SuratanBali.Com, DENPASAR - Seminar Aksara Kawi yang dibuka Ny. Putri Koster selalu Ketua TP PKK Provinsi Bali diselenggarakan dalam rangka Peringatan 1112 Tahun Prasasti Blanjong di Gedung Kerta Sabha, Denpasar, Minggu (15/2) sekaligus bertepatan dengan pelaksanaan Bulan Bahasa Bali 2026.

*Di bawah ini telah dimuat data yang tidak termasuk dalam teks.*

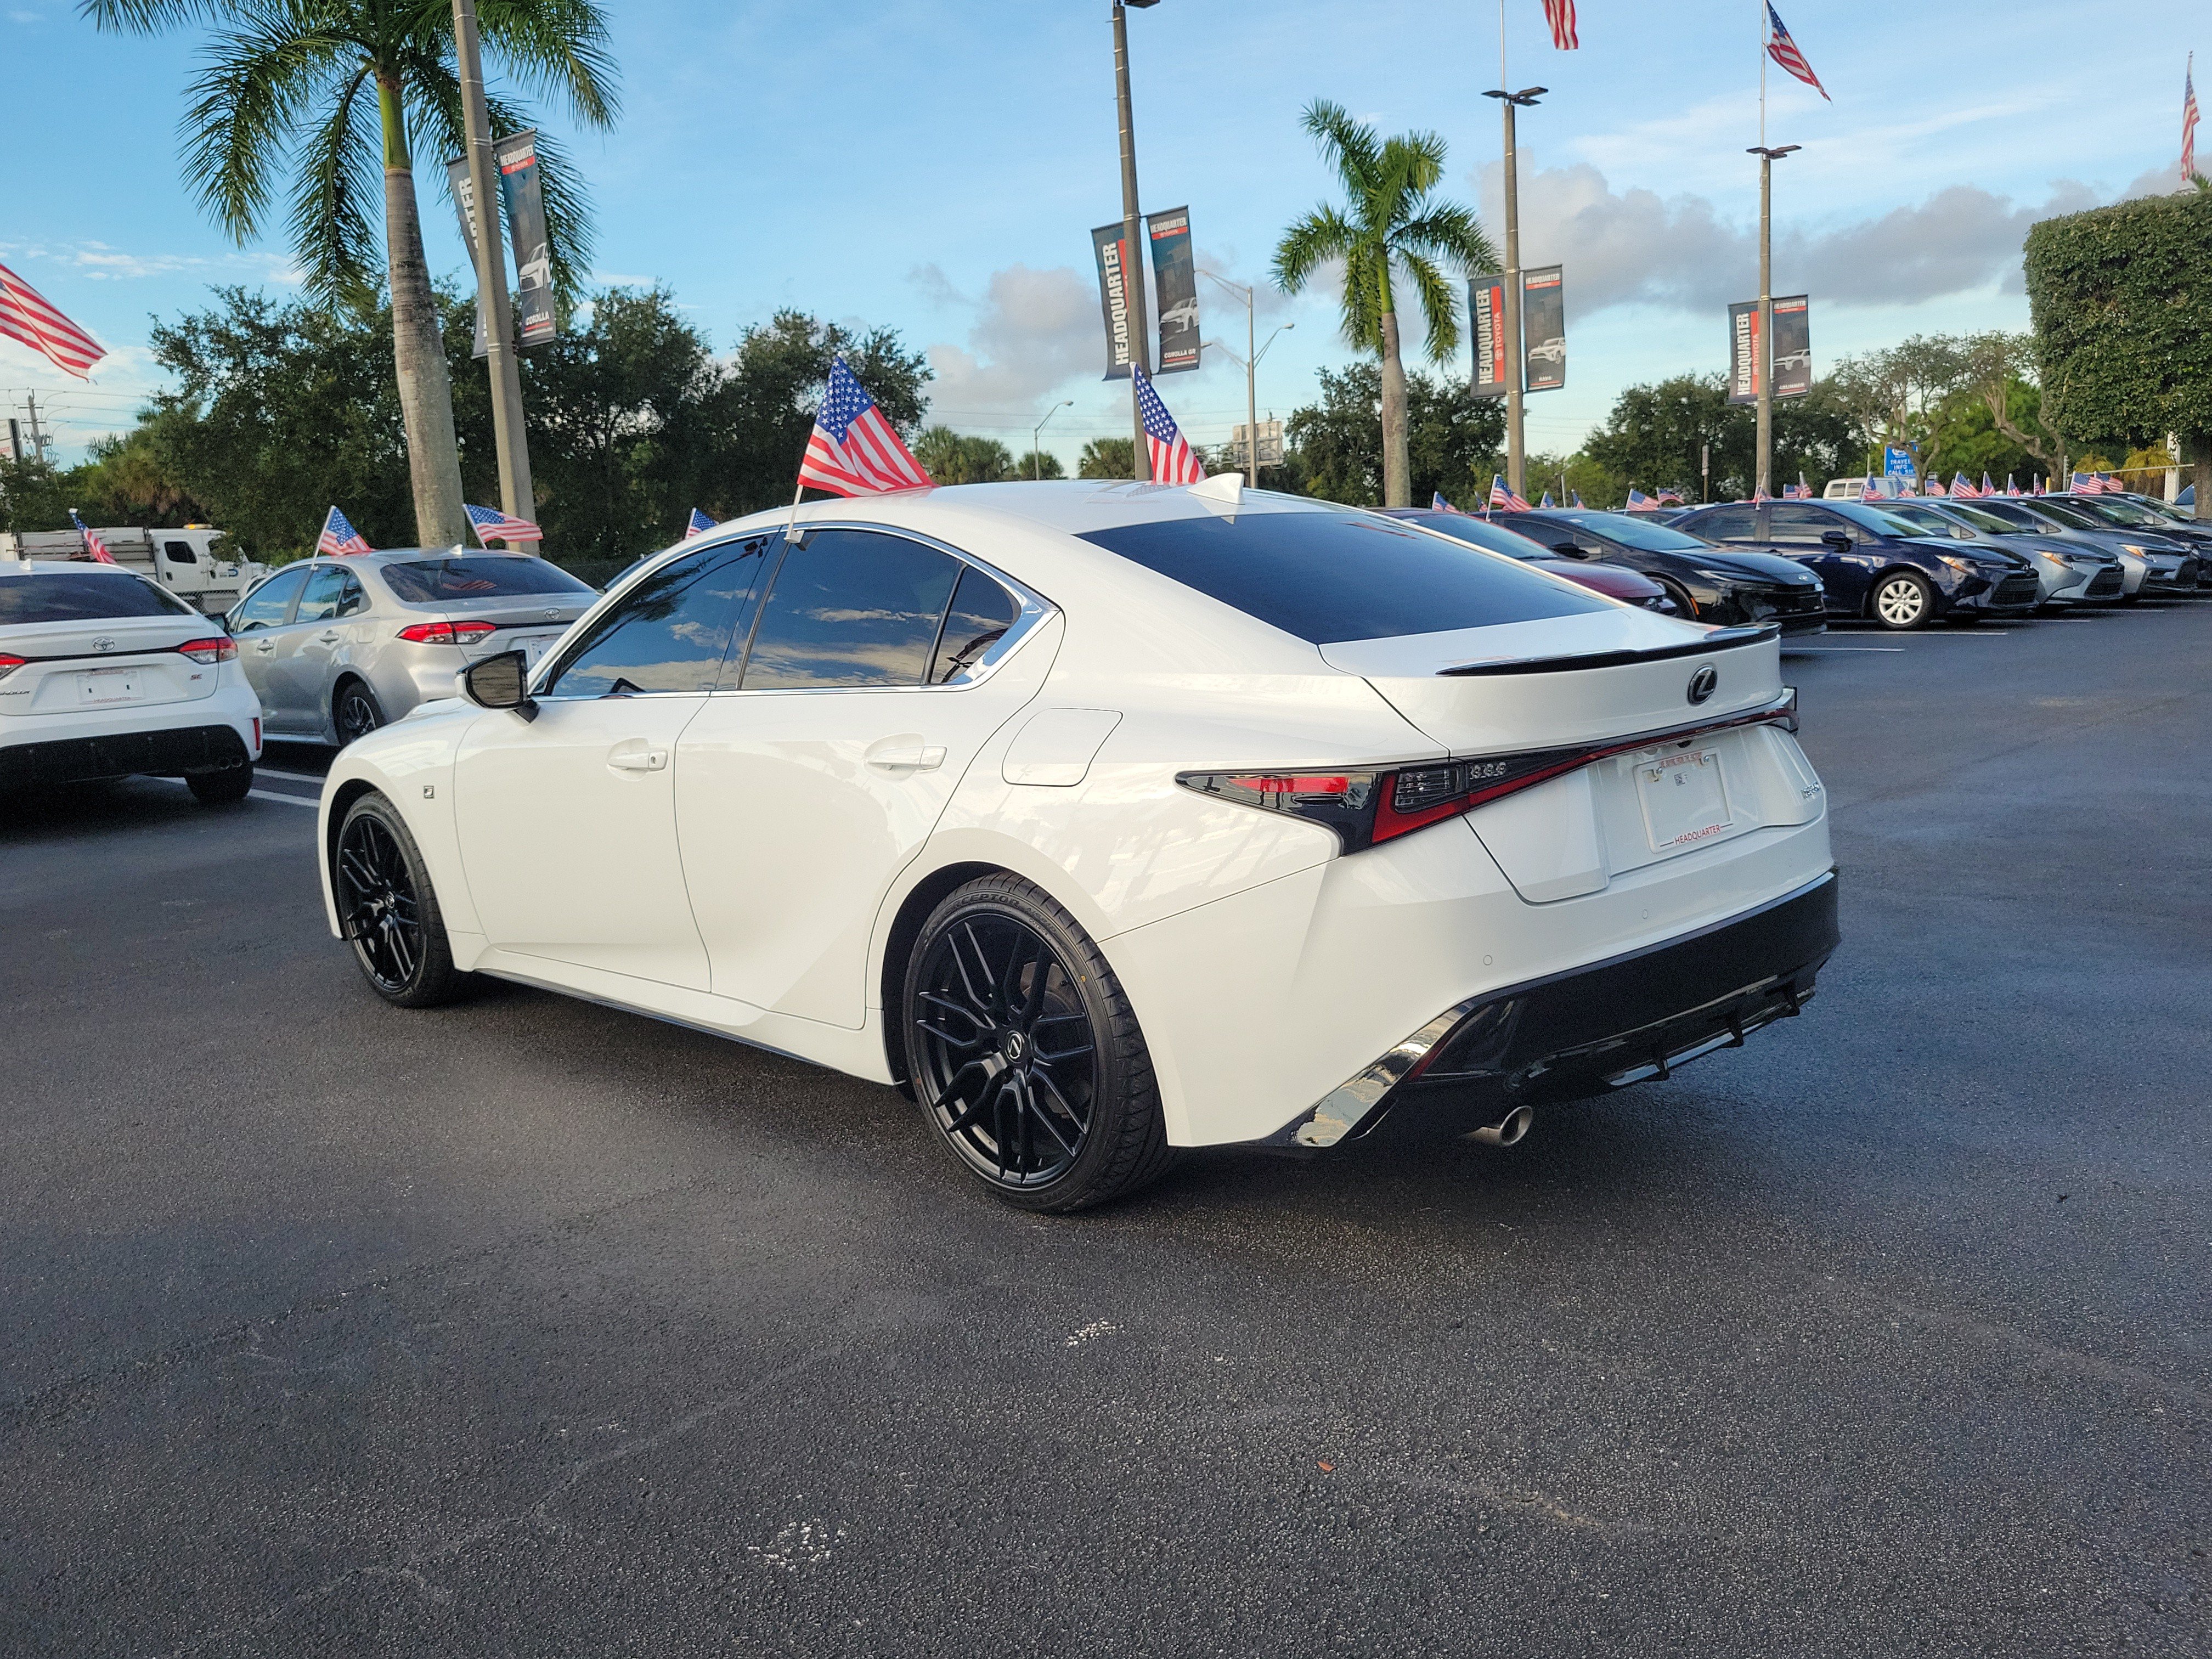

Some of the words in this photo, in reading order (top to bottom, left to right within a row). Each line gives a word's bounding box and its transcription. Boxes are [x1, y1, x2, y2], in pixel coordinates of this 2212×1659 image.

Seminar ini menghadirkan tiga narasumber, yakni Gede Suarbawa, Heri Purwanto, dan Fuad. Dalam seminar yang mengangkat tajuk “Aksara Kawi” ini, salah satu narasumber, Gede Suarbawa, menjelaskan bahwa dalam sejarah sistem aksara di Indonesia dikenal tiga sistem yang pengaruhnya meluas dan mendalam dalam pembentukan tradisi keberaksaraan dan kehidupan masyarakat Indonesia. Ketiga sistem aksara tersebut adalah Pallawa, Arab, dan Latin. Di samping itu, terdapat sistem lain yang dijumpai dalam tinggalan arkeologi Indonesia yang pengaruhnya tidak mendalam dan tidak berkelanjutan, yaitu aksara Siddhamatrka/Pre-Nagari dan aksara Cina.
“Aksara Pallawa memiliki sejarah panjang dalam dunia pertulisan di Indonesia. Aksara ini digunakan pada prasasti tertua dari Muara Kaman, Kutai, yang memuat informasi tentang kebesaran Raja Mulawarman, serta di Jawa Barat tentang Raja Purnawarman yang prasastinya menggunakan aksara dasar Pallawa. Pada masa-masa selanjutnya, di tempat lain seperti Jawa Tengah, Jawa Timur, dan Bali, sistem aksara ini mengalami transformasi menjadi aksara Kawi,” jelasnya.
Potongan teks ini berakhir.